Why Dashboard Projects Fail - Fix Your Dashboard Design | Dub Dub

Apr 13, 2026
The best dashboard is the one people actually use - Dub Dub Data

  

 

by Sarah Burnett & Fiona Crocker | Co-Founders, Dub Dub Data

Here is a number worth sitting with: 71%.

That is the proportion of professionals surveyed across a combined professional network who said yes when asked whether most dashboard projects fail. No definition of “failure” was provided - people were left to judge for themselves. And the majority verdict was a resounding yes.

That is a confronting figure for anyone who builds dashboards, manages analytics teams, or champions data strategy in their organisation. Books, courses, certifications, frameworks - we have had them for years. And yet, nearly three-quarters of dashboards apparently still miss the mark.

So what is going wrong? And more importantly, what does it take to build dashboards that actually drive action and decisions?

We explored this exact question in our latest unDUBBED podcast episode with Amanda Makulec and Andy Cotgreave - two respected voices in data communication.

 

👀 Prefer to watch instead?
We’ve dedicated an entire episode of our unDUBBED podcast to Dashboards Don’t Drive Decisions. People Do. Skip the scroll and view here.

 

 

Why Dashboards Fail: What Dashboard Failure Really Means

The 71% figure raises an immediate question: what does “failure” actually mean?

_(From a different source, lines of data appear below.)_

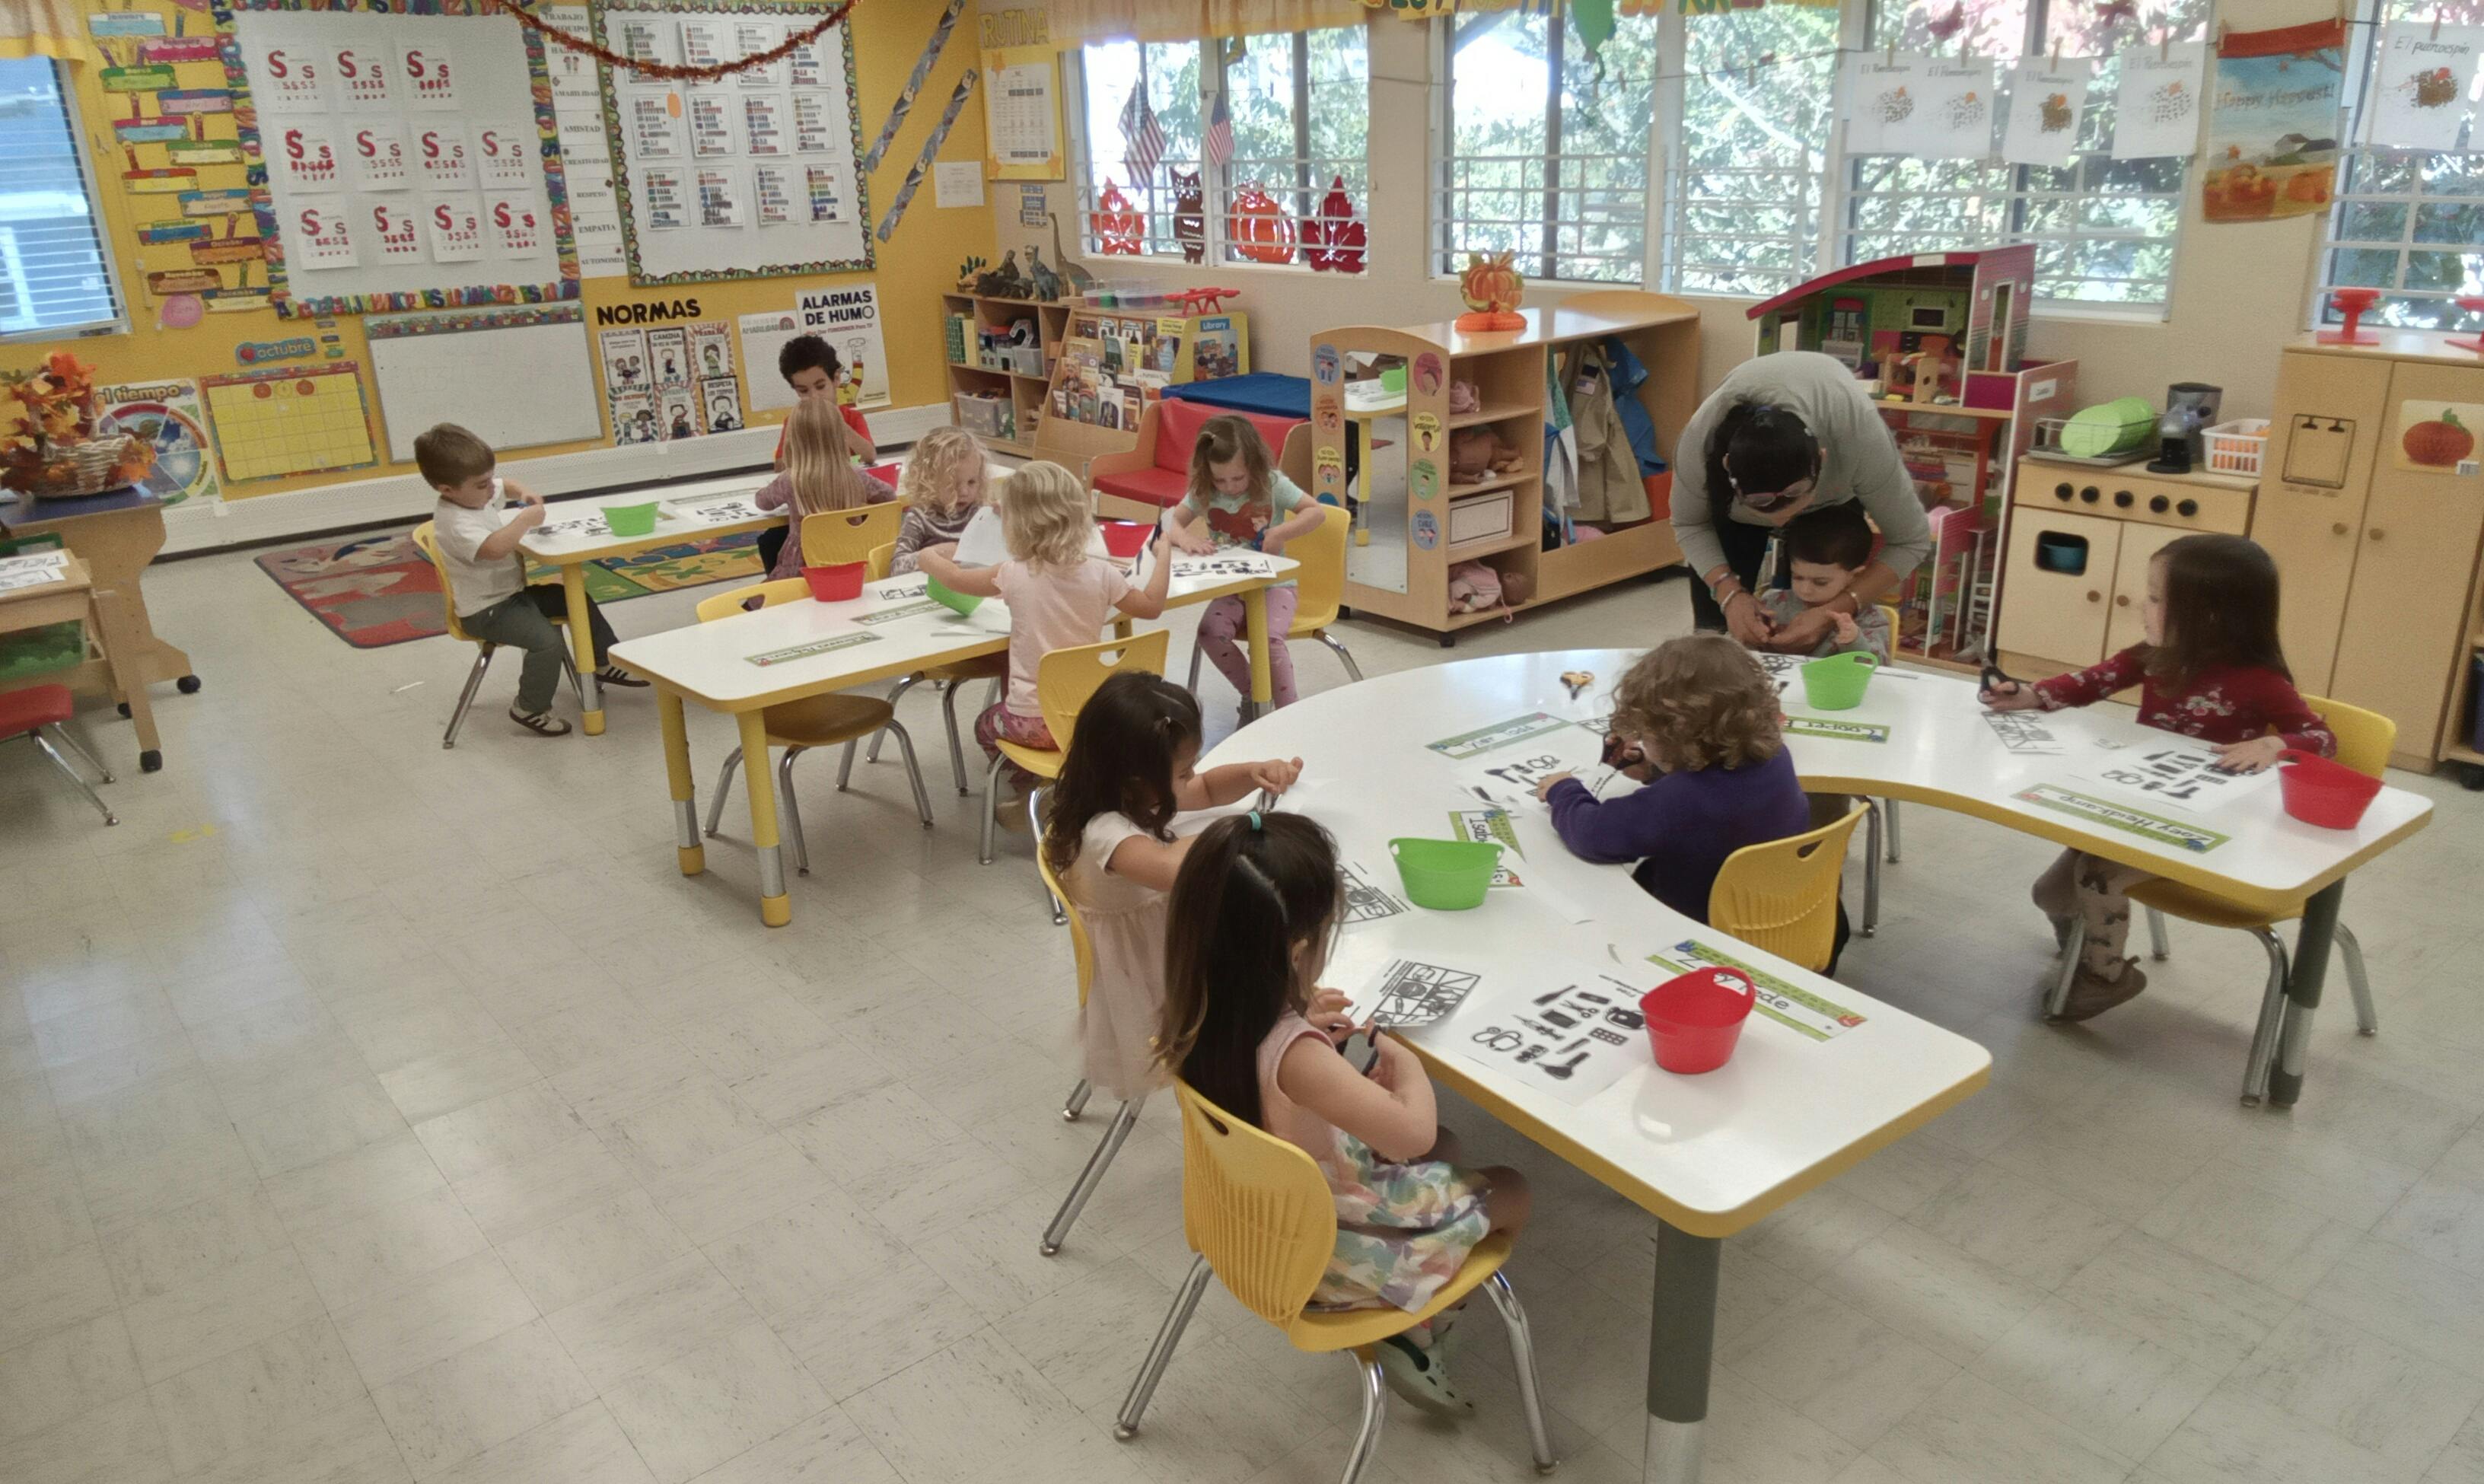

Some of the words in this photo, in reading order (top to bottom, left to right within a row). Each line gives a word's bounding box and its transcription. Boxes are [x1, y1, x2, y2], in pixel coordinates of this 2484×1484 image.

[269, 50, 287, 78] S
[338, 51, 356, 78] S
[406, 50, 424, 78] S
[285, 129, 304, 158] S
[357, 130, 375, 157] S
[422, 132, 439, 158] S
[482, 131, 498, 156] S
[301, 209, 321, 235] S
[374, 206, 389, 232] S
[435, 205, 452, 230] S
[494, 202, 511, 228] S
[597, 298, 702, 326] NORMAS
[802, 290, 873, 310] ALARMAS
[804, 310, 826, 326] DE
[829, 304, 875, 323] HUMO
[1202, 320, 1227, 330] Library
[257, 340, 314, 358] octubre
[115, 384, 181, 404] tiempo
[2156, 824, 2210, 842] Zoey

Many dashboards at the enterprise level sit on servers - technically deployed, technically part of the BI landscape. But if hardly anyone opens them, if the decisions being made in the business have no real connection to the key metrics they contain, are they working? Dashboards often fail not because they are poorly built, but because they were built for the wrong thing.

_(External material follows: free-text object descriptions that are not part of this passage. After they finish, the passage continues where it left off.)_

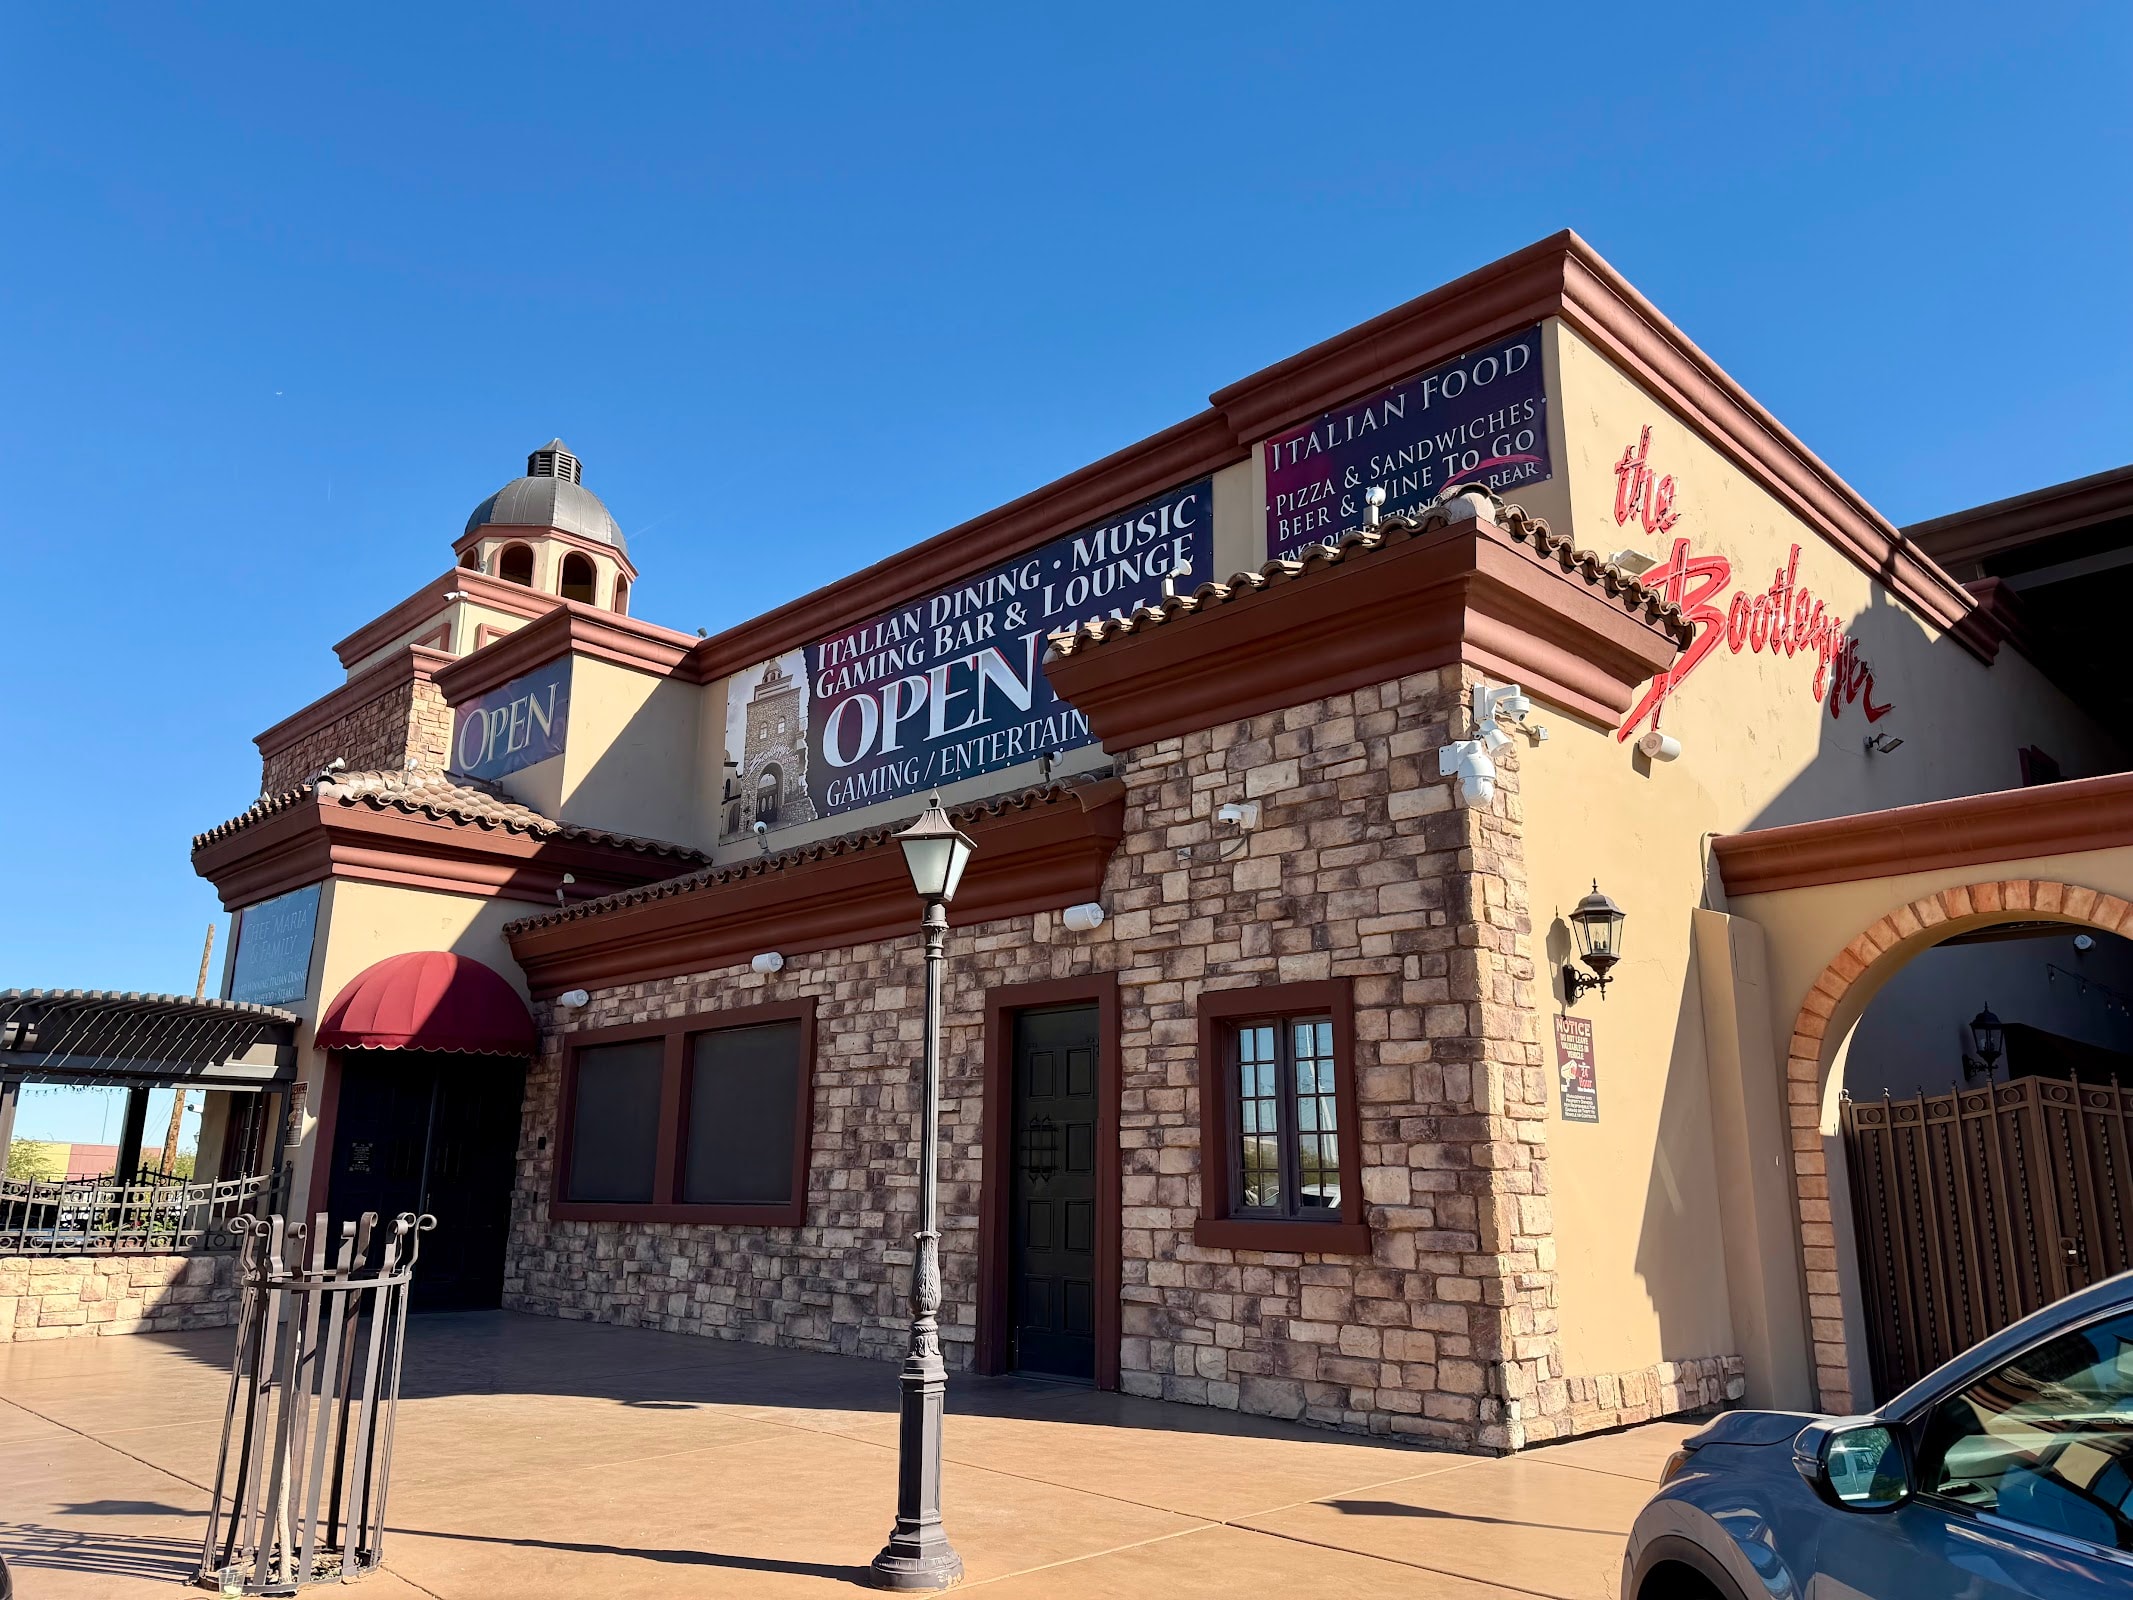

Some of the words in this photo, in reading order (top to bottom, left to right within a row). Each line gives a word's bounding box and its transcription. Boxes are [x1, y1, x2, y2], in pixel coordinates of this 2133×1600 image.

[1272, 394, 1407, 473] ITALIAN
[1420, 343, 1531, 411] FOOD
[1275, 479, 1336, 517] PIZZA
[1344, 465, 1362, 489] &
[1370, 398, 1536, 480] SANDWICHES
[1279, 507, 1332, 542] BEER
[1340, 494, 1358, 518] &
[1443, 448, 1480, 480] TO
[1492, 429, 1536, 461] GO
[1489, 460, 1540, 490] REAR
[1613, 424, 1682, 535] the
[816, 607, 923, 673] ITALIAN
[928, 559, 1042, 629] DINING
[1070, 494, 1197, 573] MUSIC
[816, 637, 926, 699] GAMING
[933, 611, 997, 659] BAR
[1003, 601, 1028, 631] &
[1042, 532, 1195, 618] LOUNGE
[1617, 538, 1896, 744] Bootlegger
[458, 682, 560, 771] OPEN
[822, 628, 1043, 768] OPEN
[826, 755, 920, 808] GAMING
[940, 708, 1091, 777] ENTERTAIN
[244, 921, 271, 944] CHEF
[1556, 1018, 1590, 1037] NOTICE

Broaden the definition a little - to any visual display of information designed to monitor conditions or support understanding - and the category expands considerably. People build analytics tools for themselves all the time, because the need for information never goes away. The question is whether the things we build actually serve real business needs, or just look that way.

Dashboard failure, in this framing, is not primarily a technical problem. It is a data adoption problem - one that begins long before a single chart is built, and one that no amount of dashboard design can fix after the fact. Stop expecting dashboards to drive business impact without first doing the work that determines whether anyone will use them.

 

 

The Root Cause: Why Dashboards Fail to Drive Action

The single most common reason dashboard projects fail is deceptively simple: teams start building before they understand what users actually need.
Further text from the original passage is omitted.